BoConcept is a Danish retail furniture chain with 337 stores in 65 countries around the world. The first BoConcept Brand Store opened in Paris in 1993, but from 2006 onwards, all furniture is sold through franchisees. BoConcept specializes in customizable modern furniture and accessories designed by international designers.

History 
The company was founded in 1952 by two Danish craftsmen and cabinet makers, Jens Ærthøj and Tage Mølholm. The first pieces of furniture to leave the factory were cabinets made of oak veneer with a mid-section of walnut. In 1954, the owners and the four employees moved into their new furniture factory 'Ærthøj-Jensen and Mølholm Møbelfabrik'. The functionalism sweeping through Danish design during the 1950s influenced the designs of Ærthøj-Jensen and Mølholm. In 1962 the founders opened a new 1300m2 factory in Herning where the company is still located.

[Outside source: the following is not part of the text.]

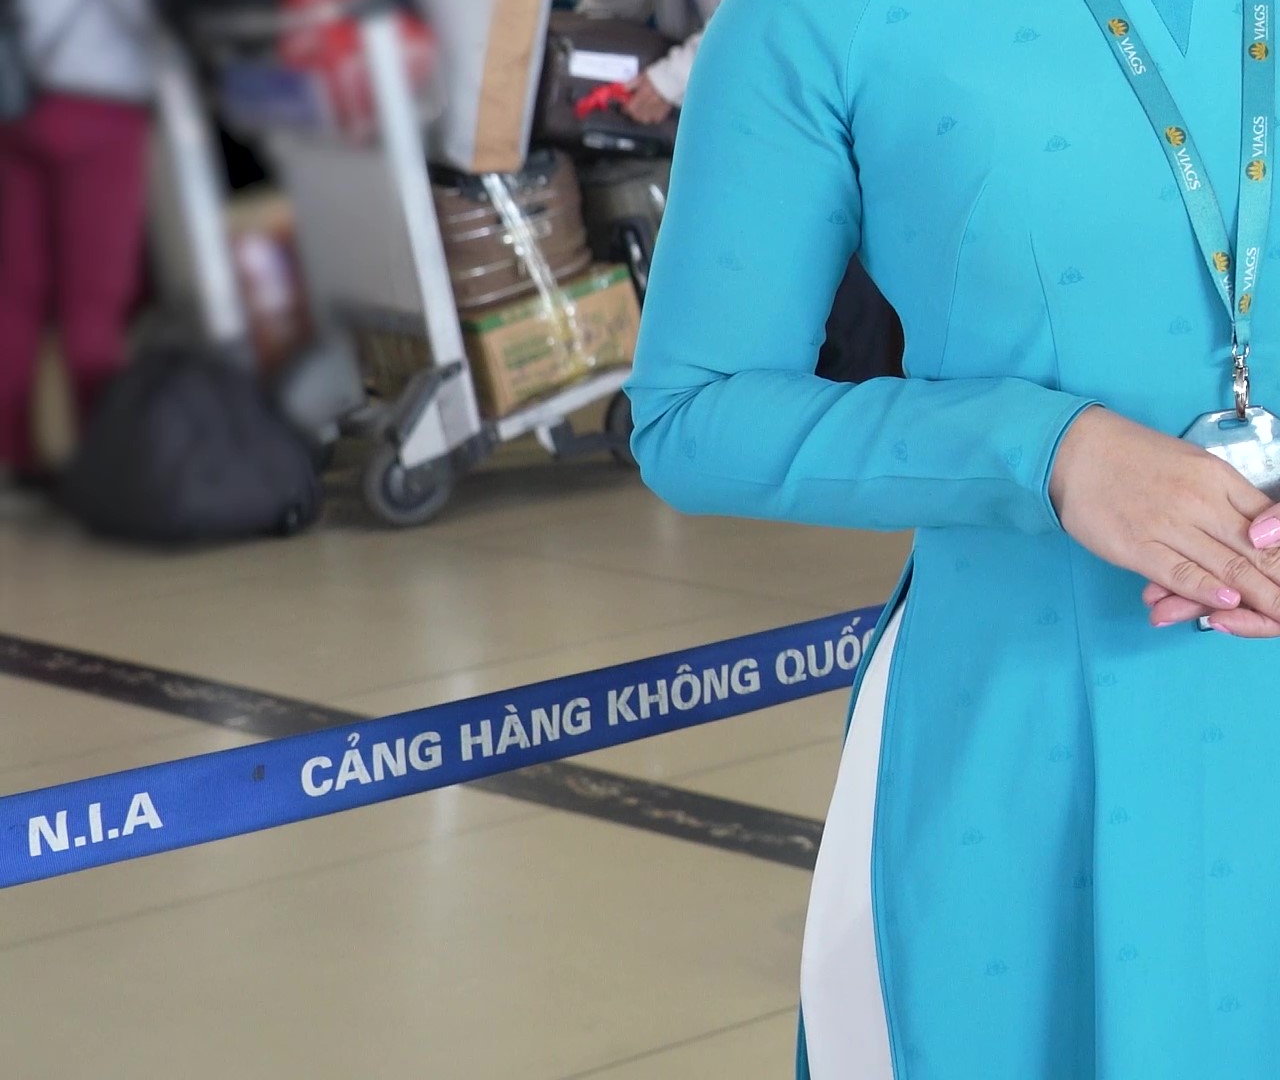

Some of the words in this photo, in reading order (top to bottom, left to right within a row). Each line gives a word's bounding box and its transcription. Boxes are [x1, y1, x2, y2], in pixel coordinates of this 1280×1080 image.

In 1976, the company changed its name to Denka with the intent to enter the international markets. The company's competitive edge relied on custom-made orders based on the consumer characteristics of different markets. The customization of furniture to the individual customer is still an important part of the business model. BoConcept employs interior designers to help customers create their individual furniture and interior design solutions. The company was introduced on the Copenhagen Stock Exchange in 1984 and has been owned by 3i, a leading international investor, since 2016.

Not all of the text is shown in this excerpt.